In the 1980s, President Reagan and Republican senators worried about the sharp increases in U.S. trade deficits with Japan and its aggressive entry into particular industries where America used to dominate in history. The Reagan administration focused on automobiles, steel exports, and semiconductors. The 1980s trade war involved a specific taxonomy of tariffs, quotas, and even embargoes on Japanese companies in these fields. Eventually, the 1980s trade policies led to the Reagan administration’s inability to tame trade deficit growth. In fact, the U.S. trade deficit exacerbated from $36 billion or 1.3% of total GDP in 1980 to $170 billion or 3.7% of total GDP in 1989. Not only did the Reagan tariffs and quotas fail to deliver high economic growth in the aftermath of the 1987 stock market crash, these measures constrained economic output expansion from trickling down to benefit the typical American.

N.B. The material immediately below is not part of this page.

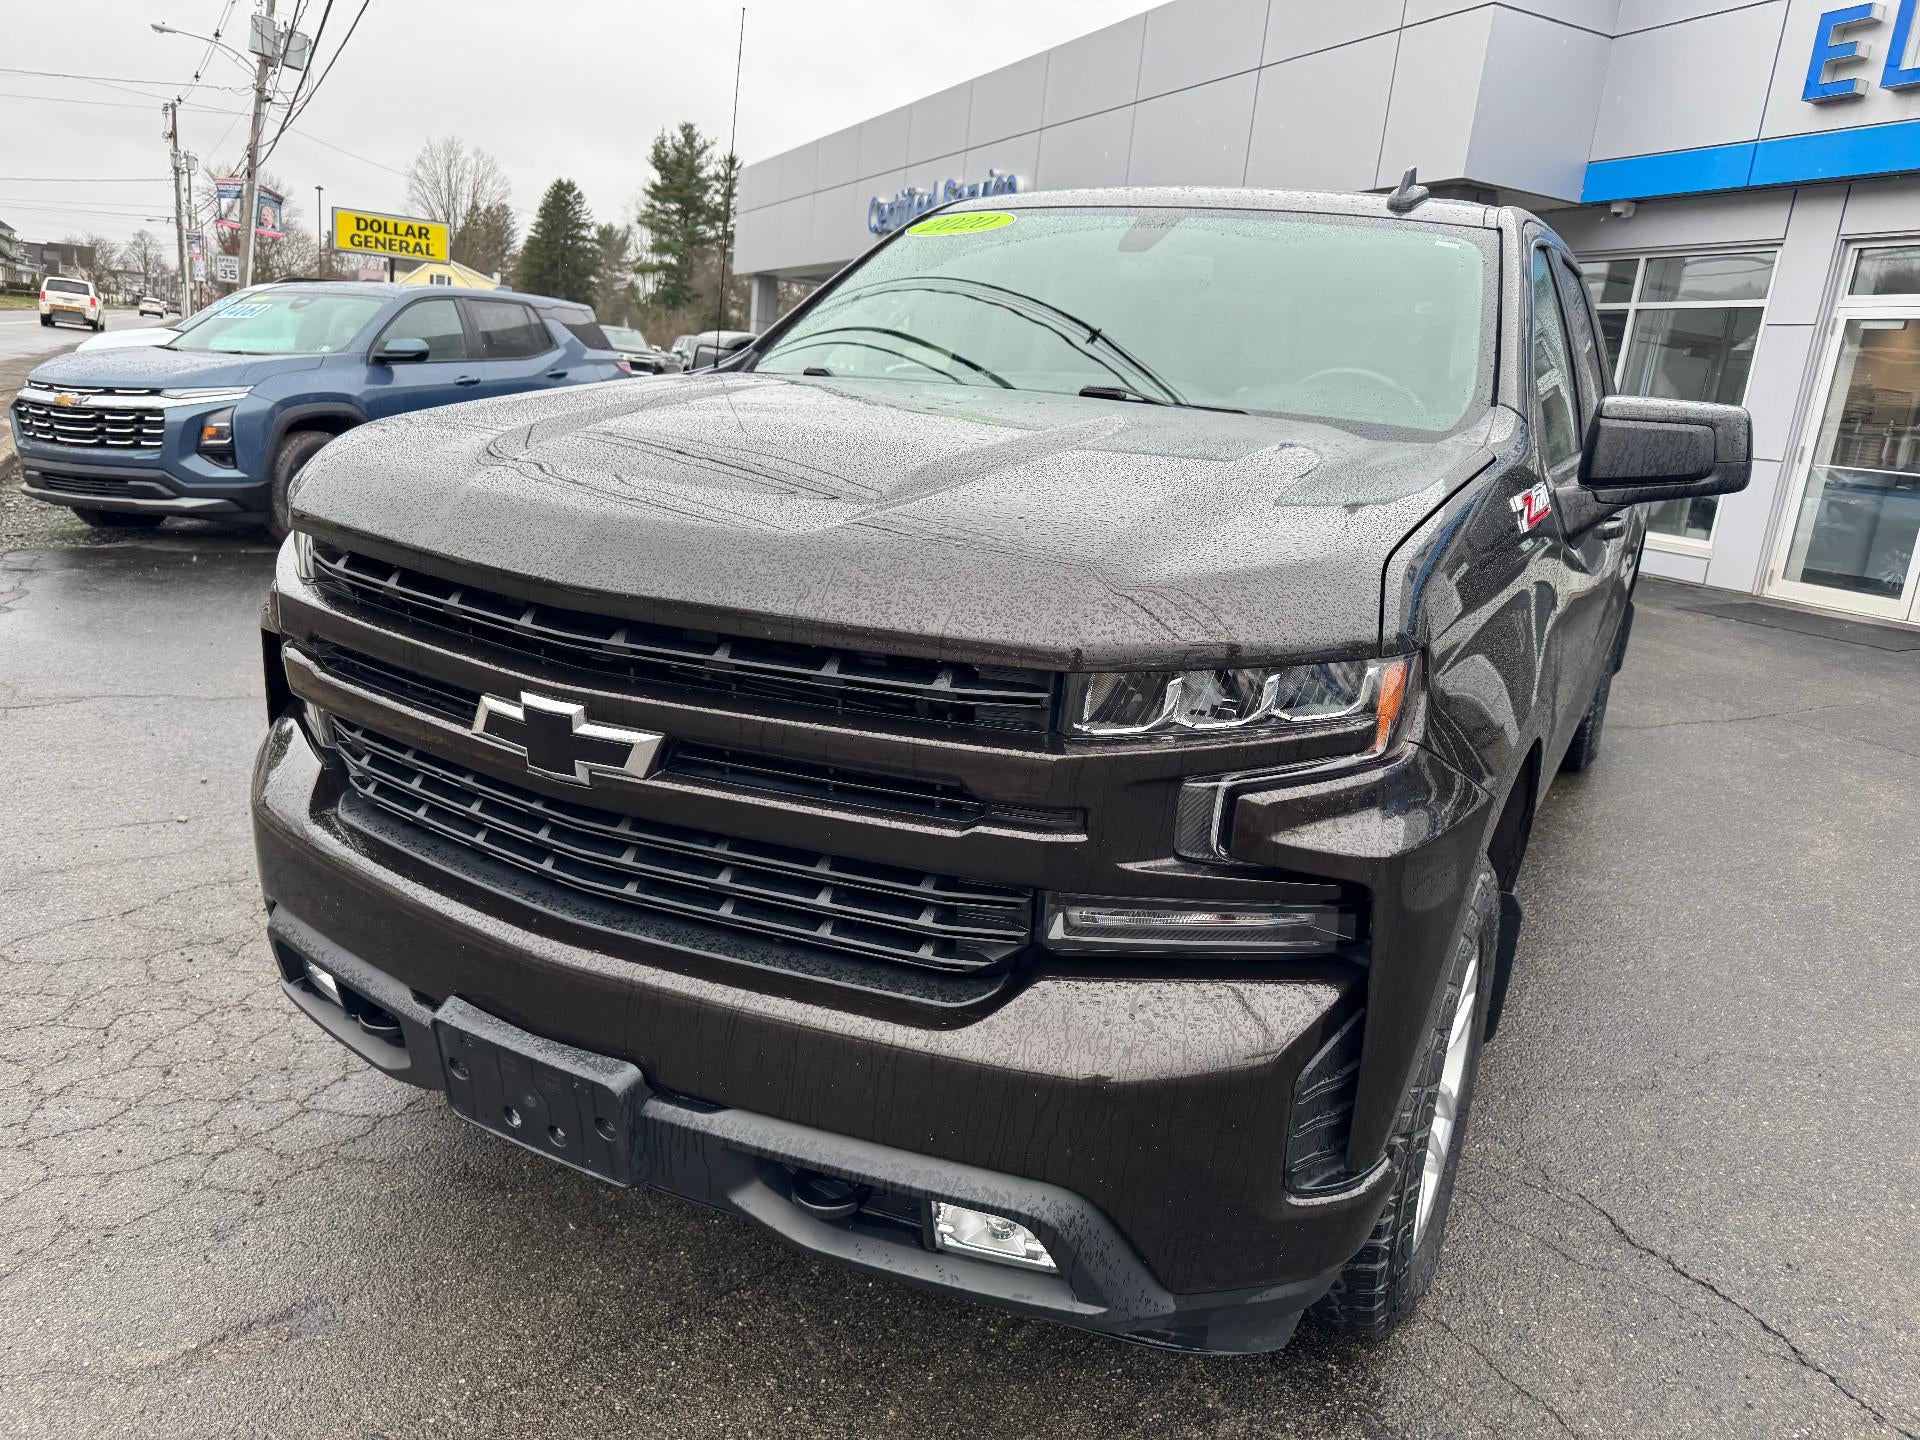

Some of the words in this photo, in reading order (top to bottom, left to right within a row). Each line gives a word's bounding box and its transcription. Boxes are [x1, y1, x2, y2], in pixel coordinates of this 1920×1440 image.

[355, 217, 430, 240] DOLLAR
[350, 233, 436, 257] GENERAL
[220, 269, 237, 280] 35

Several economic lessons emerge from this historical context. First, erecting trade barriers may not necessarily shrink the current U.S. trade deficit. These tariffs and quotas may or may not reverse the current Sino-American trade dilemma. Second, U.S. consumers, households, and companies may end up paying higher prices for intermediate goods and services in the specific areas of steel, aluminum, and other tech-savvy intellectual properties. Higher inflation induces the Federal Reserve to accelerate the current interest rate hike that in turn adversely affects U.S. financial market developments. Third, the specific industries such as steel, aluminum, and semiconductor technology may receive little help in light of higher production costs. When China and the European Union lash back with retaliatory tariffs and quotas, some U.S. companies such as Harley Davidson would have no choice but to move production overseas. The resultant decrease in total demand for domestic blue-collar workers may mean an inevitable increase in unemployment in these heavy-metal industries.

This adverse impact may spill over toward American agriculture that relies heavily on its exports to Canada, China, Europe, and Mexico. As history may repeat itself, the law of inadvertent consequences counsels caution.